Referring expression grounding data
--------------------------------

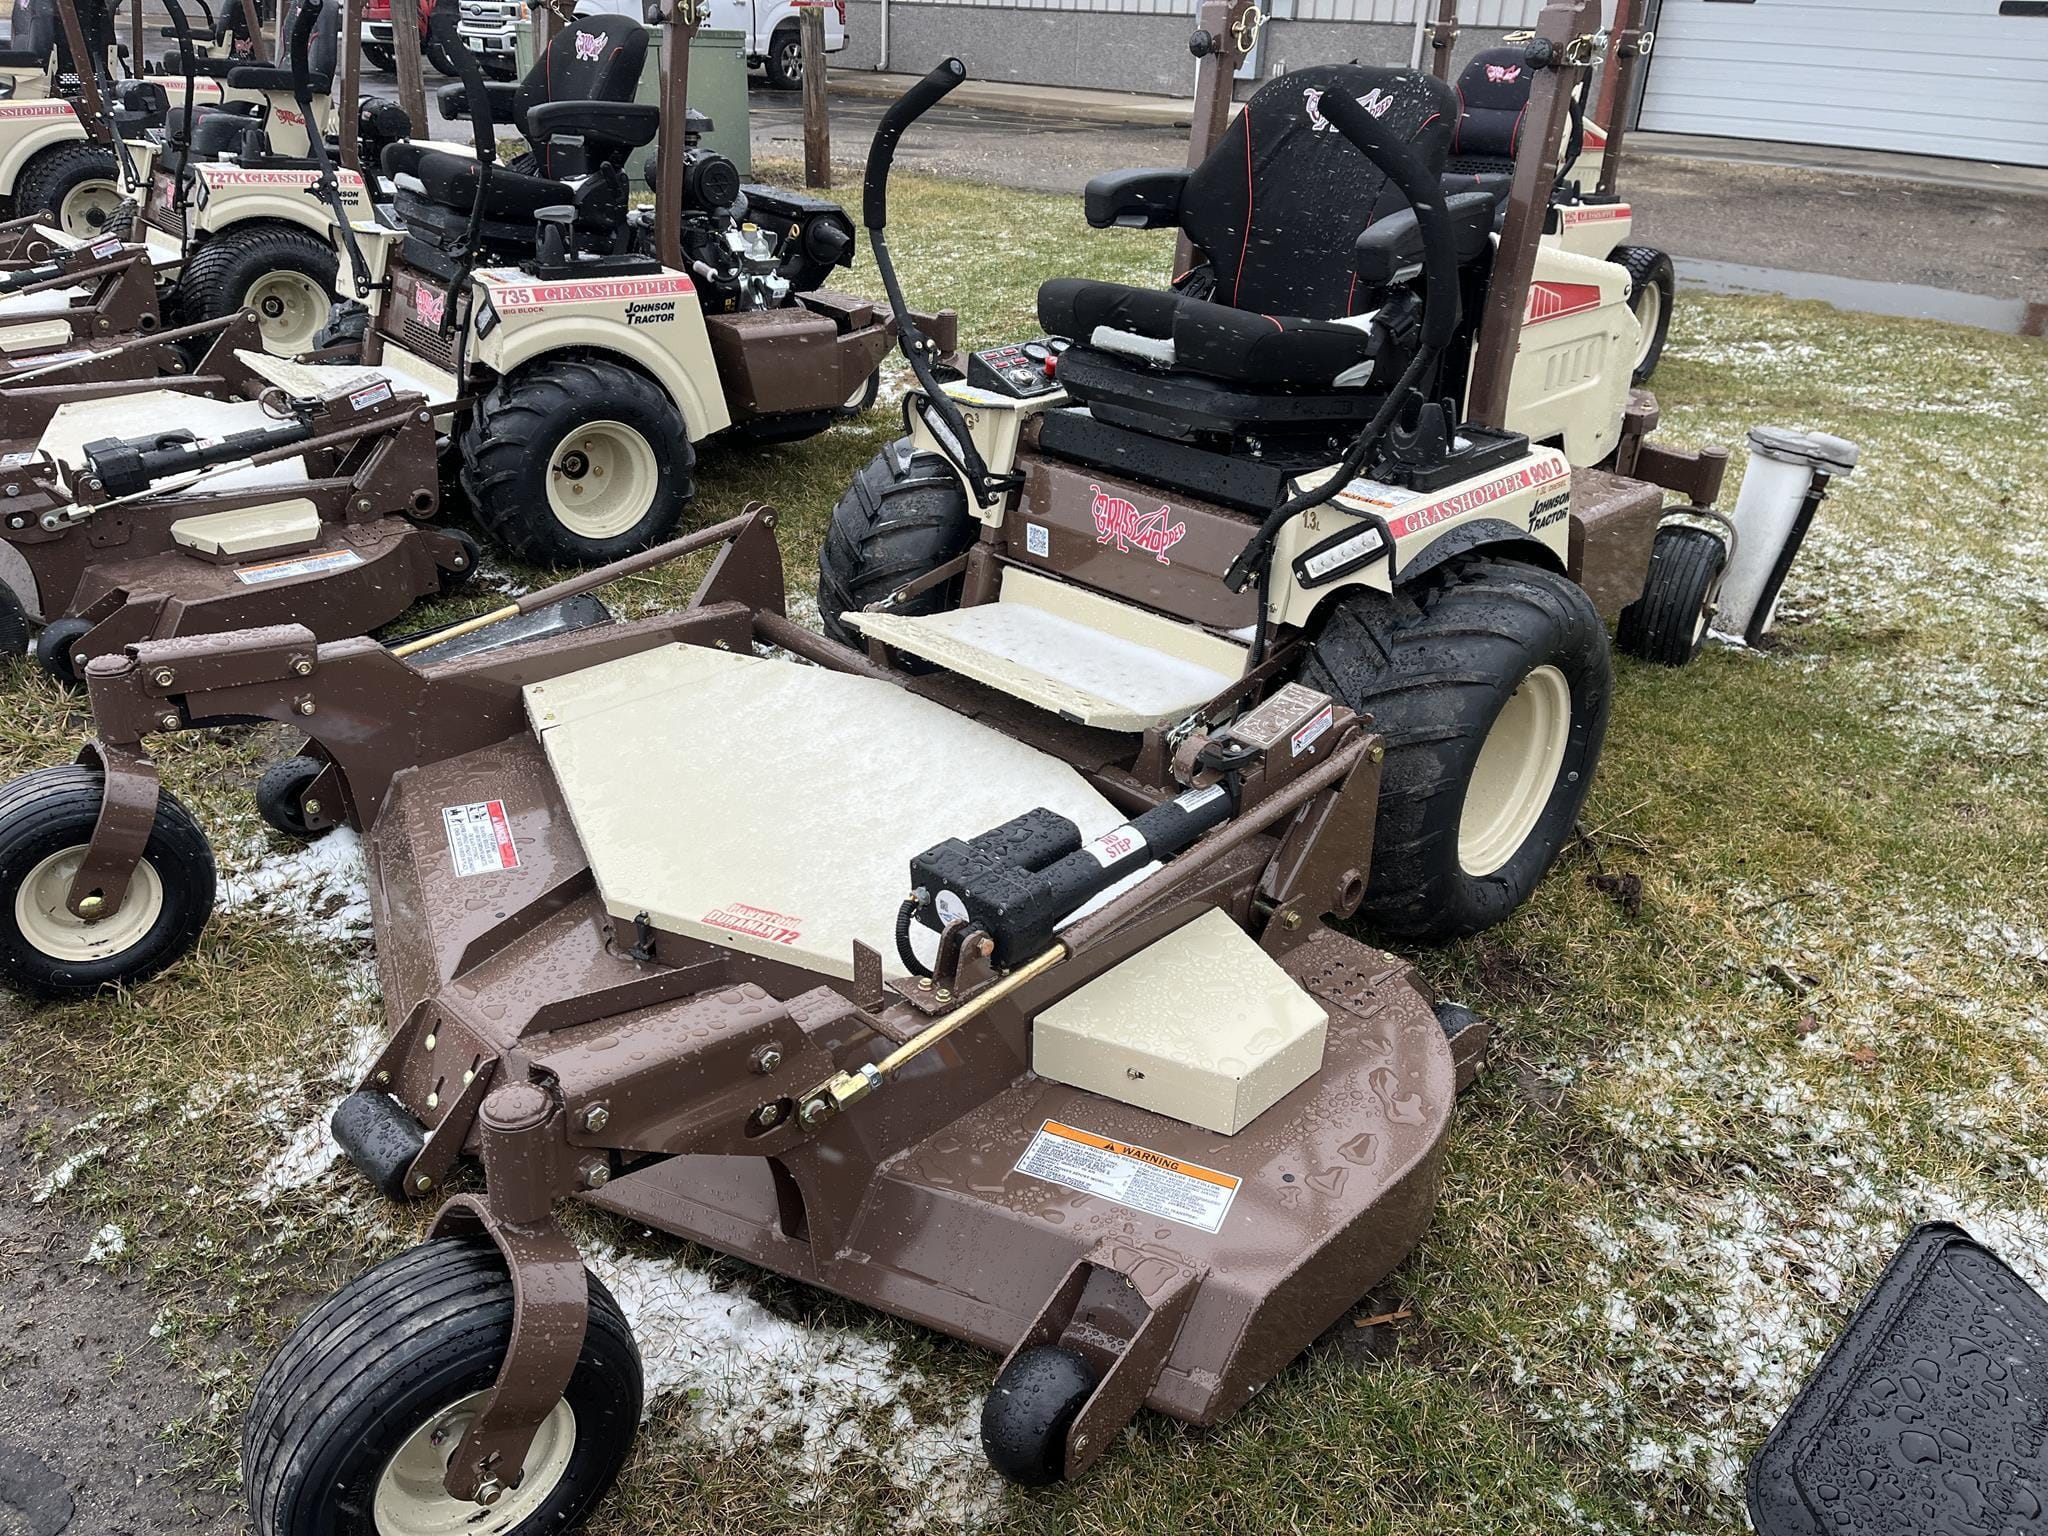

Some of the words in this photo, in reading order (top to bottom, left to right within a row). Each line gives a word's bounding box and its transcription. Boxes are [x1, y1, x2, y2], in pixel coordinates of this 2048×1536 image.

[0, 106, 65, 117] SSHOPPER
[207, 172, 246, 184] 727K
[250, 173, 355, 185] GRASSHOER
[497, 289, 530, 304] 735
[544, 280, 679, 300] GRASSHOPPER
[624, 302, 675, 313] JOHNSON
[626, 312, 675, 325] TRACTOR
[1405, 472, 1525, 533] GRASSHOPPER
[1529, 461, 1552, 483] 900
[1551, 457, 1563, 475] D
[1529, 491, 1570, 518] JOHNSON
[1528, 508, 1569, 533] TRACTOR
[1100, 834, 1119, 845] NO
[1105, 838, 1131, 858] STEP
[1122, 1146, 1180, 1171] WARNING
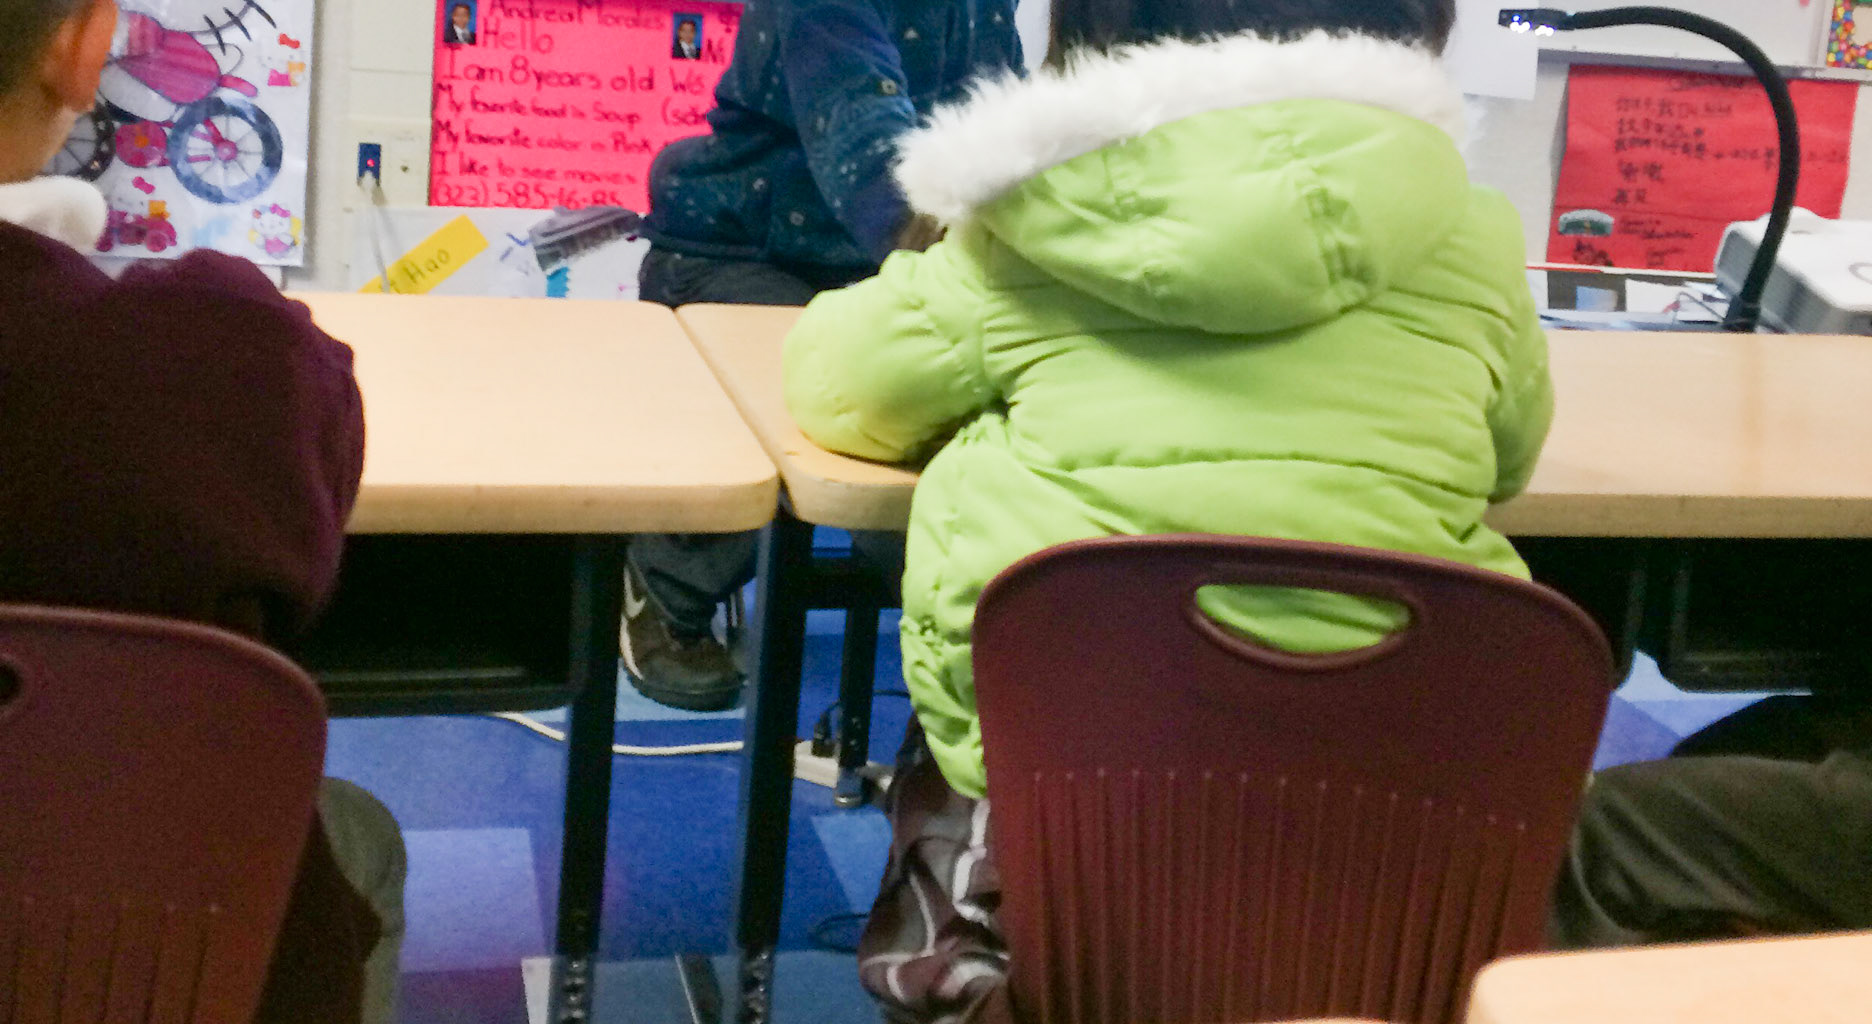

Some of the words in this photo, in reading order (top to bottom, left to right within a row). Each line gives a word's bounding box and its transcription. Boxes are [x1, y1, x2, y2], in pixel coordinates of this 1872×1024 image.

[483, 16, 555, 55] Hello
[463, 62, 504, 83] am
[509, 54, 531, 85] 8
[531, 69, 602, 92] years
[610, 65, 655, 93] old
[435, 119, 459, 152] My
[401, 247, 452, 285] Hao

--------------------------------

=== Work required ===
Set down the lines of the records above exactly, apart from the pictures.

=== Response for this exercise ===
Some of the words in this photo, in reading order (top to bottom, left to right within a row). Each line gives a word's bounding box and its transcription. Boxes are [x1, y1, x2, y2], in pixel coordinates of this 2048×1536 image.

[0, 106, 65, 117] SSHOPPER
[207, 172, 246, 184] 727K
[250, 173, 355, 185] GRASSHOER
[497, 289, 530, 304] 735
[544, 280, 679, 300] GRASSHOPPER
[624, 302, 675, 313] JOHNSON
[626, 312, 675, 325] TRACTOR
[1405, 472, 1525, 533] GRASSHOPPER
[1529, 461, 1552, 483] 900
[1551, 457, 1563, 475] D
[1529, 491, 1570, 518] JOHNSON
[1528, 508, 1569, 533] TRACTOR
[1100, 834, 1119, 845] NO
[1105, 838, 1131, 858] STEP
[1122, 1146, 1180, 1171] WARNING

Some of the words in this photo, in reading order (top to bottom, left to right within a row). Each line gives a word's bounding box and its transcription. Boxes are [x1, y1, x2, y2], in pixel coordinates of this 1872×1024 image.

[483, 16, 555, 55] Hello
[463, 62, 504, 83] am
[509, 54, 531, 85] 8
[531, 69, 602, 92] years
[610, 65, 655, 93] old
[435, 119, 459, 152] My
[401, 247, 452, 285] Hao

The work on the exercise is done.